Biden Admin Telling Refugee Groups to Prep for 50k Afghans without Visas By Brittany Bernstein

https://www.nationalreview.com/news/biden-admin-telling-refugee-groups-to-prep-for-50k-afghans-without-visas/

The Biden administration has reportedly told refugee resettlement organizations across the U.S. to prepare to assist as many as 50,000 Afghans who will be arriving to the U.S. in the coming weeks without visas.

The U.S. government has not provided exact figures on how many Afghans the organizations should expect to help or how quickly they will arrive, said leaders from some of the nine nonprofit organizations that are contracted with the U.S. State Department to assist refugees with finding homes, jobs and other social services, according to the Wall Street Journal.

The groups have not been told which of the impending arrivals will come with approved Special Immigrant Visas (SIV) that will allow them to receive a slew of services, including months of healthcare and food assistance.

For Afghans who arrive without visas, resettlement will rely instead on private donations, the report says. These people will be allowed to enter the U.S. as part of an immigration program known as humanitarian parole that grants people temporary permission to enter the country.

People who enter under humanitarian parole are not entitled to resettlement benefits set aside for formal refugees.

“We’re going to make it work, no matter how difficult, but I’d be lying to you if I said we aren’t concerned,” Mark Hetfield, president of HIAS, one of the contracted resettlement agencies, told the Journal.

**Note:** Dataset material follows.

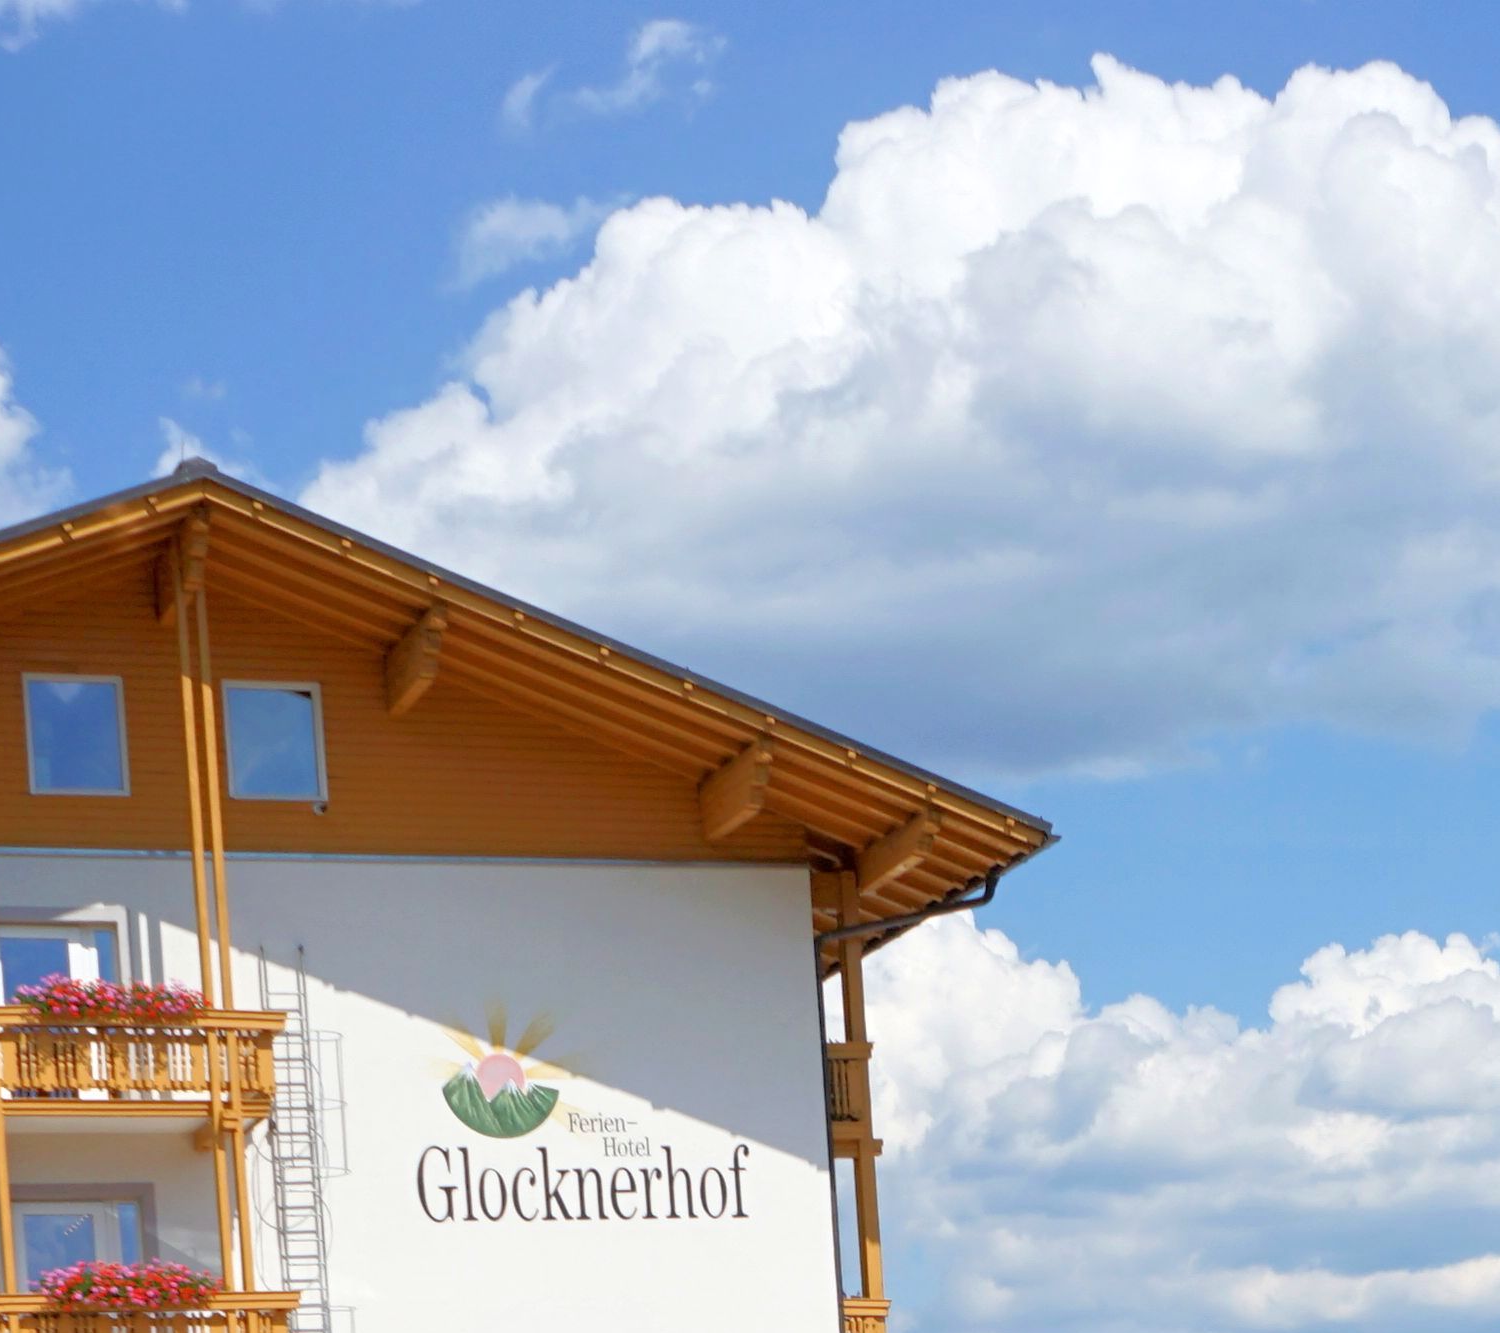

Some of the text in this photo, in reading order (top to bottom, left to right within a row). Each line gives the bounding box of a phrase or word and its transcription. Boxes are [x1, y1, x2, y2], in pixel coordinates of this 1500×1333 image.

[568, 1112, 638, 1133] Ferien-
[603, 1136, 651, 1157] Hotel
[416, 1144, 749, 1223] Glocknerhof

The agencies, which are paid by the U.S. government according to how many refugees they resettle, are concerned about their ability to ramp up operations to accommodate the influx in the wake of cutbacks instituted under the Trump administration.

The agencies closed roughly a third of their offices nationwide, according to Refugee Council USA.

Meanwhile, the rushed evacuation of Afghans from a country now run by the Taliban raises questions about how well the U.S. can possibly vet the incoming refugees.

While Afghans with SIVs have been previously vetted, as they were employed by or on behalf of the U.S. government, Mark Krikorian of the Center for Immigration Studies has argued that it will be “literally impossible” to vet Afghans who have never been screened given the lack of record-keeping in Afghanistan that would allow the U.S. to verify a refugee’s identity.

Yet even if the vetting process uncovers incriminating information, the U.S. can’t deport them back to Afghanistan or release them in a country that has agreed to temporarily host refugees while vetting takes place. This means the U.S. is likely to take on the refugees regardless of what the vetting turns up.